Work to complete
Output every entry exactly as written, but omit the pictures.

Segment Start: Data under study

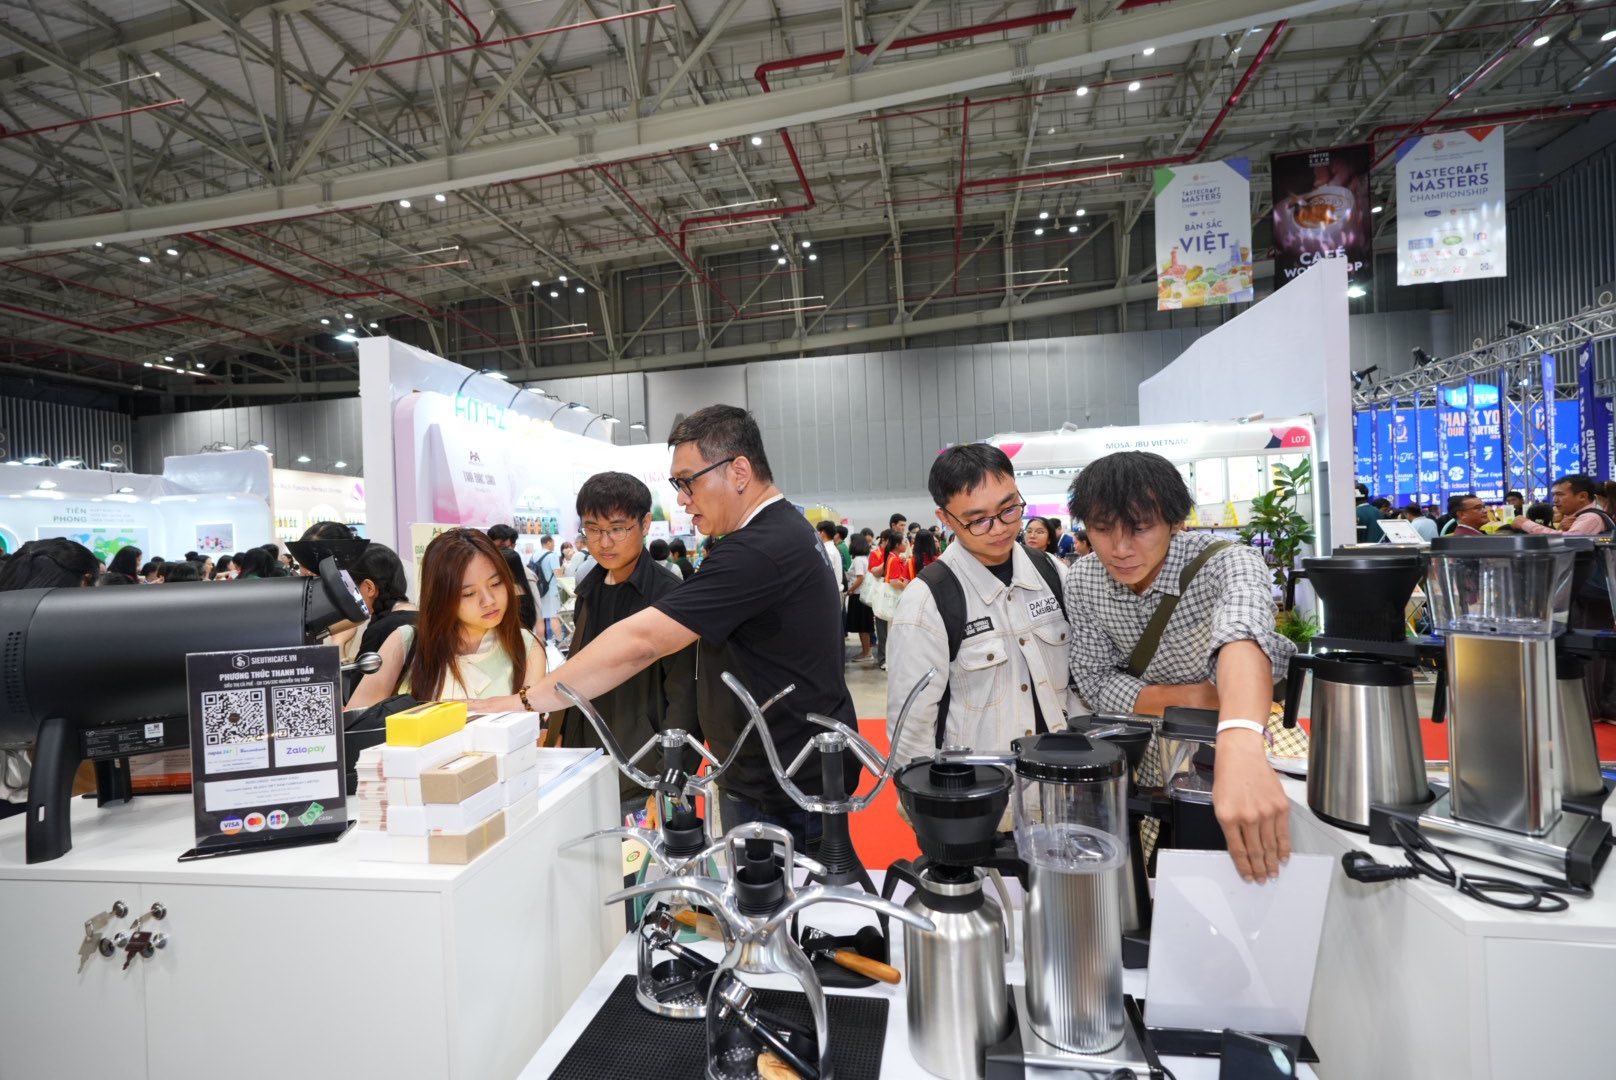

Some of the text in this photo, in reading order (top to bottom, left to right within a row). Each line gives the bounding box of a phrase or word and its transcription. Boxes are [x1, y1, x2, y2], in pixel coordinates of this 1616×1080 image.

[1409, 162, 1488, 180] TASTECRAFT
[1410, 173, 1489, 193] MASTERS
[1183, 187, 1221, 196] TASTECRAFT
[1410, 187, 1488, 203] CHAMPIONSHIP
[1182, 193, 1221, 203] MASTERS
[1179, 230, 1229, 254] VIỆT
[1151, 438, 1189, 447] VIETNAM
[1291, 436, 1307, 444] L07
[53, 515, 88, 523] PHONG
[251, 654, 297, 665] SIEUTHICAFE.VN
[219, 665, 315, 681] PHƯƠNG THỨC THANH TOÁN
[224, 821, 240, 829] VISA
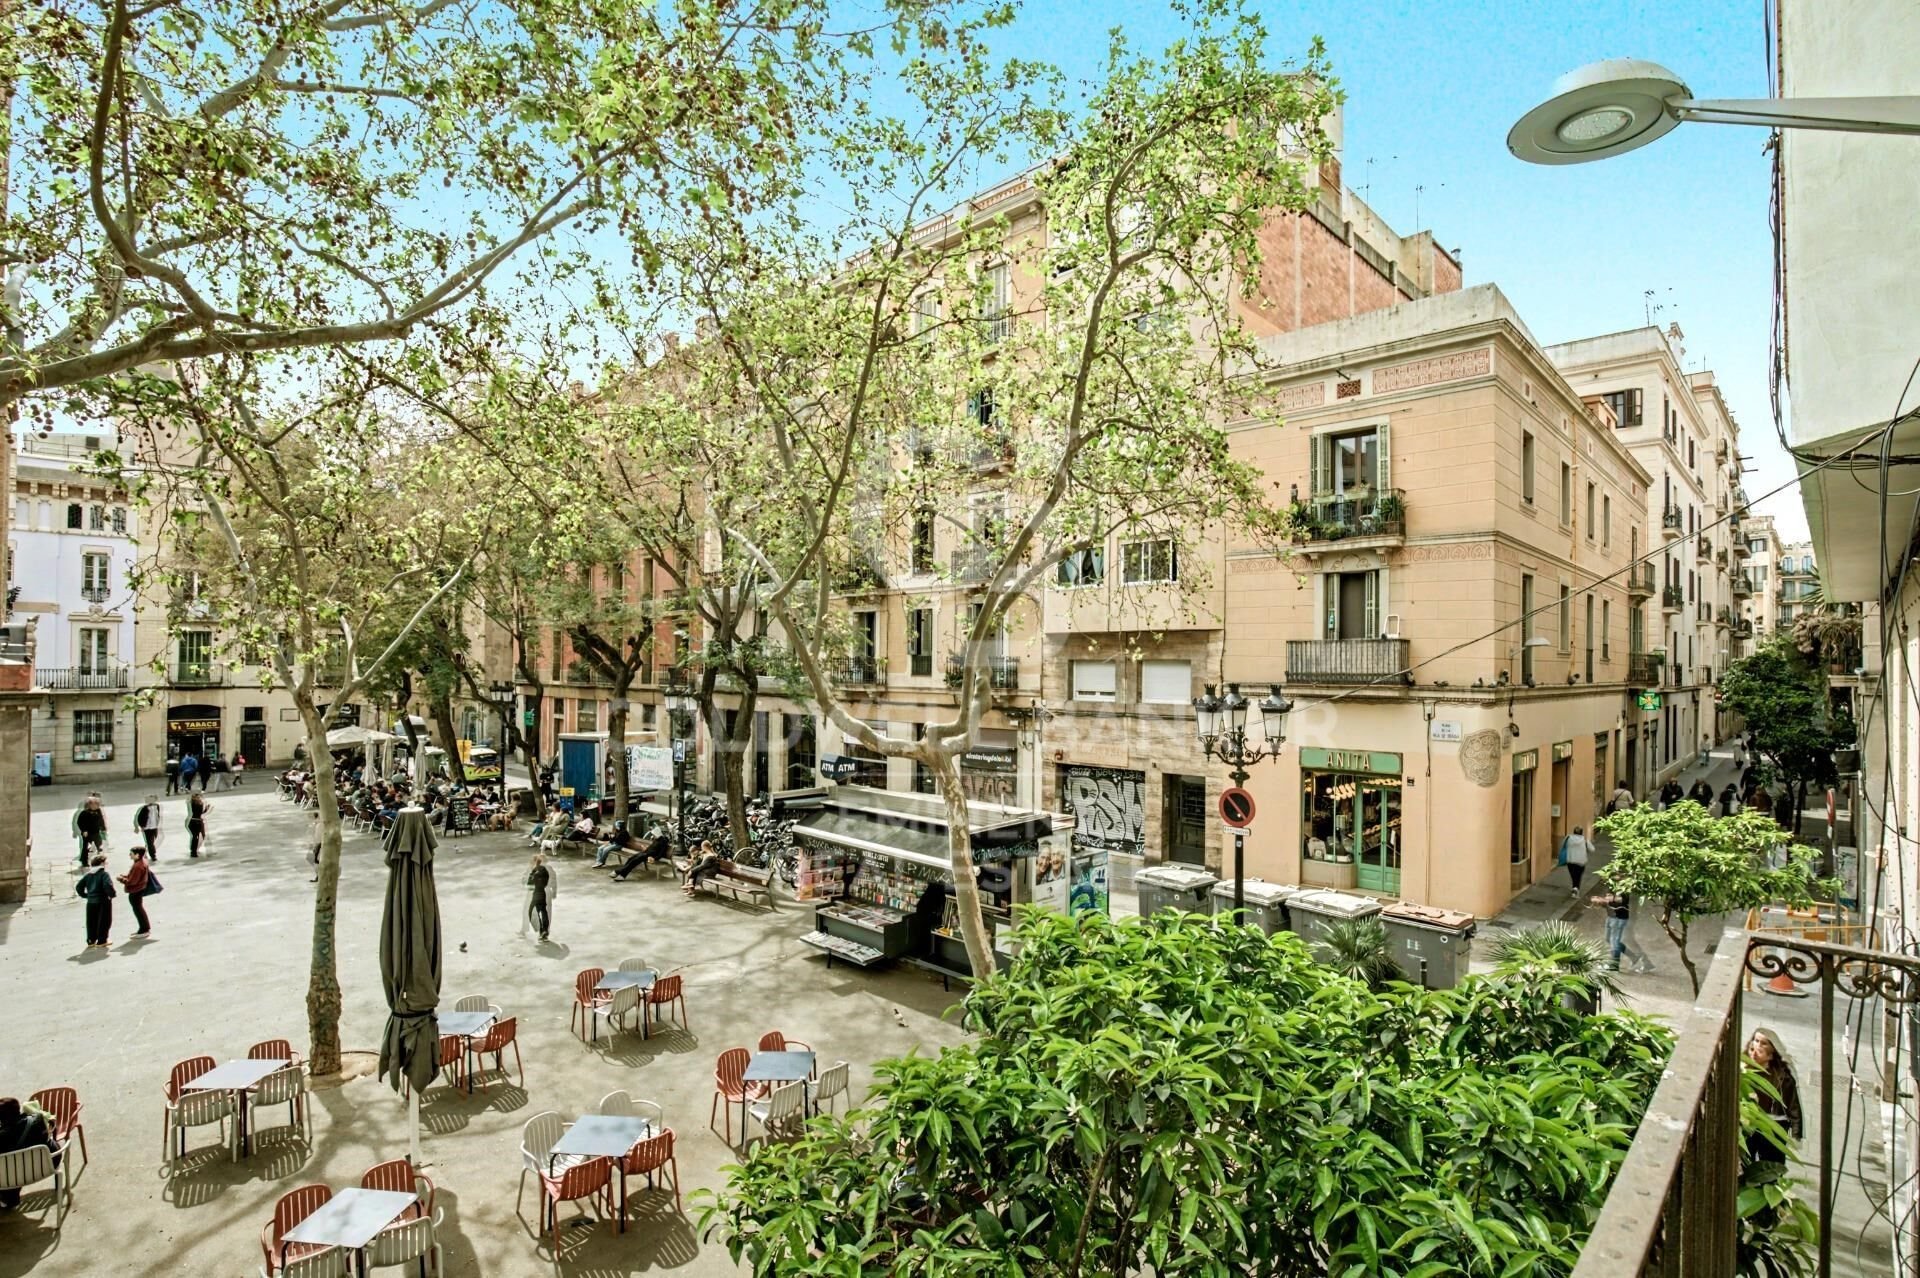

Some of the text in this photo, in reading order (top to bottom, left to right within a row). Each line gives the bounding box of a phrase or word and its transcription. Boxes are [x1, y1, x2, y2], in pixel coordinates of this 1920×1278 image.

[1328, 752, 1369, 769] ANITA
[822, 762, 835, 772] ATM
[838, 762, 856, 773] ATM
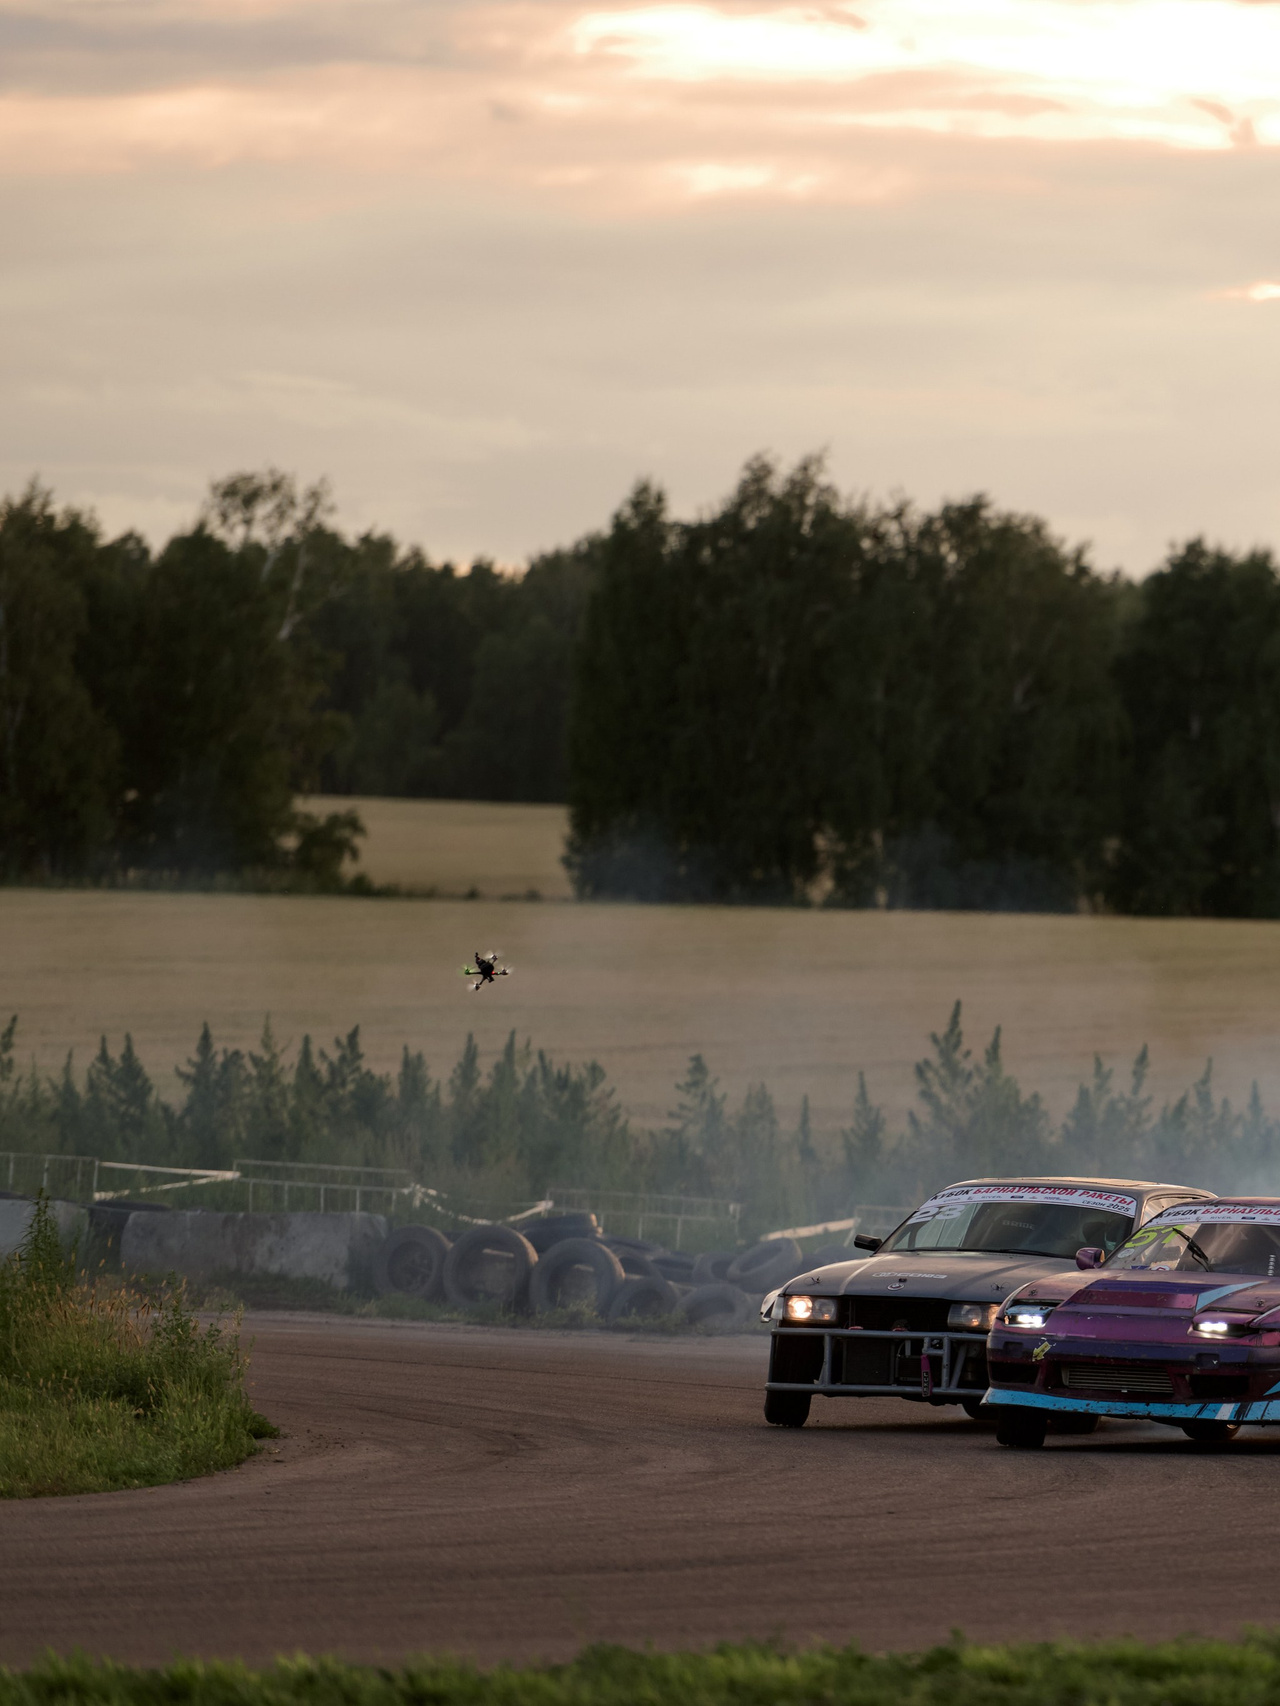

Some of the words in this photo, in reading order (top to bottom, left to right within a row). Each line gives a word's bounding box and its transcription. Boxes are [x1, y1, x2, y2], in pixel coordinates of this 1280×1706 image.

[931, 1188, 974, 1201] КУБОК
[973, 1187, 1078, 1196] БАРНАУЛЬСКОЙ
[1079, 1190, 1135, 1206] РАКЕТЫ
[906, 1204, 966, 1225] 23
[1106, 1202, 1131, 1212] 2025
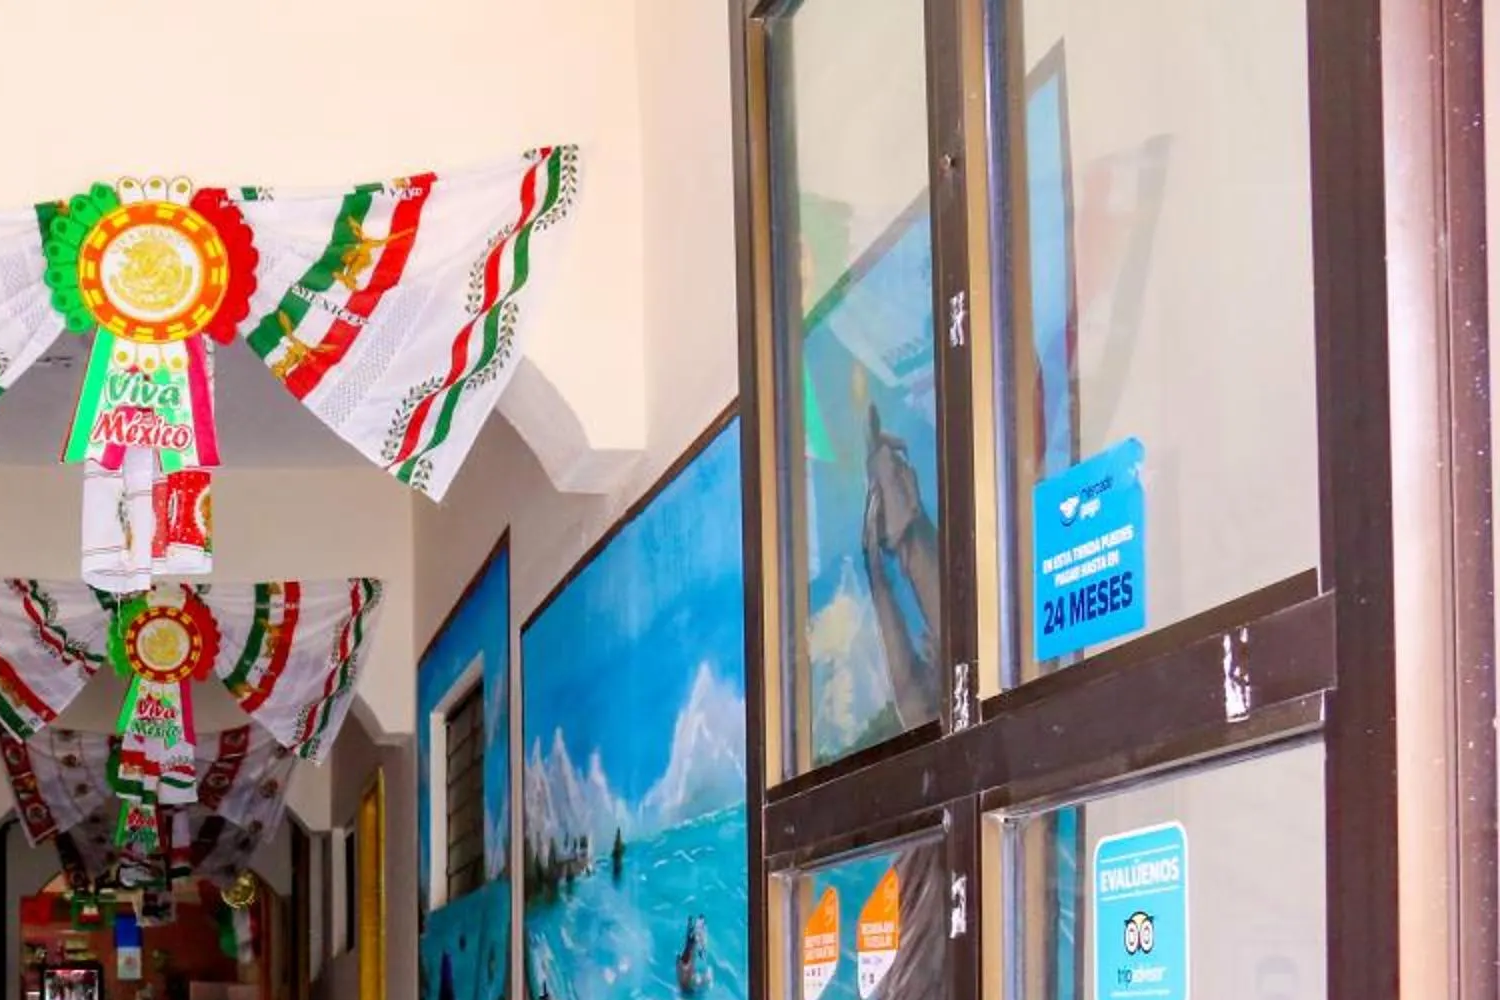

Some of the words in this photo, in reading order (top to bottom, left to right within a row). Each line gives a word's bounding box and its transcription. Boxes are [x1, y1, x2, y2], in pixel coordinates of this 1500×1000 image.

[107, 372, 181, 405] Viva
[1043, 596, 1065, 635] 24
[1069, 571, 1133, 626] MESES
[1101, 857, 1179, 893] EVALÚENOS

Segment End: Data under study

Answer box
Some of the text in this photo, in reading order (top to bottom, left to right within a row). Each line gives the bounding box of a phrase or word and its transcription. Boxes are [x1, y1, x2, y2], in pixel coordinates of this 1616×1080 image.

[1409, 162, 1488, 180] TASTECRAFT
[1410, 173, 1489, 193] MASTERS
[1183, 187, 1221, 196] TASTECRAFT
[1410, 187, 1488, 203] CHAMPIONSHIP
[1182, 193, 1221, 203] MASTERS
[1179, 230, 1229, 254] VIỆT
[1151, 438, 1189, 447] VIETNAM
[1291, 436, 1307, 444] L07
[53, 515, 88, 523] PHONG
[251, 654, 297, 665] SIEUTHICAFE.VN
[219, 665, 315, 681] PHƯƠNG THỨC THANH TOÁN
[224, 821, 240, 829] VISA

Some of the text in this photo, in reading order (top to bottom, left to right within a row). Each line gives the bounding box of a phrase or word and its transcription. Boxes are [x1, y1, x2, y2], in pixel coordinates of this 1920×1278 image.

[1328, 752, 1369, 769] ANITA
[822, 762, 835, 772] ATM
[838, 762, 856, 773] ATM

Some of the words in this photo, in reading order (top to bottom, left to right within a row). Each line gives a word's bounding box and its transcription. Boxes are [x1, y1, x2, y2], in pixel coordinates of this 1280×1706 image.

[931, 1188, 974, 1201] КУБОК
[973, 1187, 1078, 1196] БАРНАУЛЬСКОЙ
[1079, 1190, 1135, 1206] РАКЕТЫ
[906, 1204, 966, 1225] 23
[1106, 1202, 1131, 1212] 2025

Some of the words in this photo, in reading order (top to bottom, left to right within a row). Each line gives a word's bounding box and its transcription. Boxes are [x1, y1, x2, y2], in pixel coordinates of this 1500×1000 image.

[107, 372, 181, 405] Viva
[1043, 596, 1065, 635] 24
[1069, 571, 1133, 626] MESES
[1101, 857, 1179, 893] EVALÚENOS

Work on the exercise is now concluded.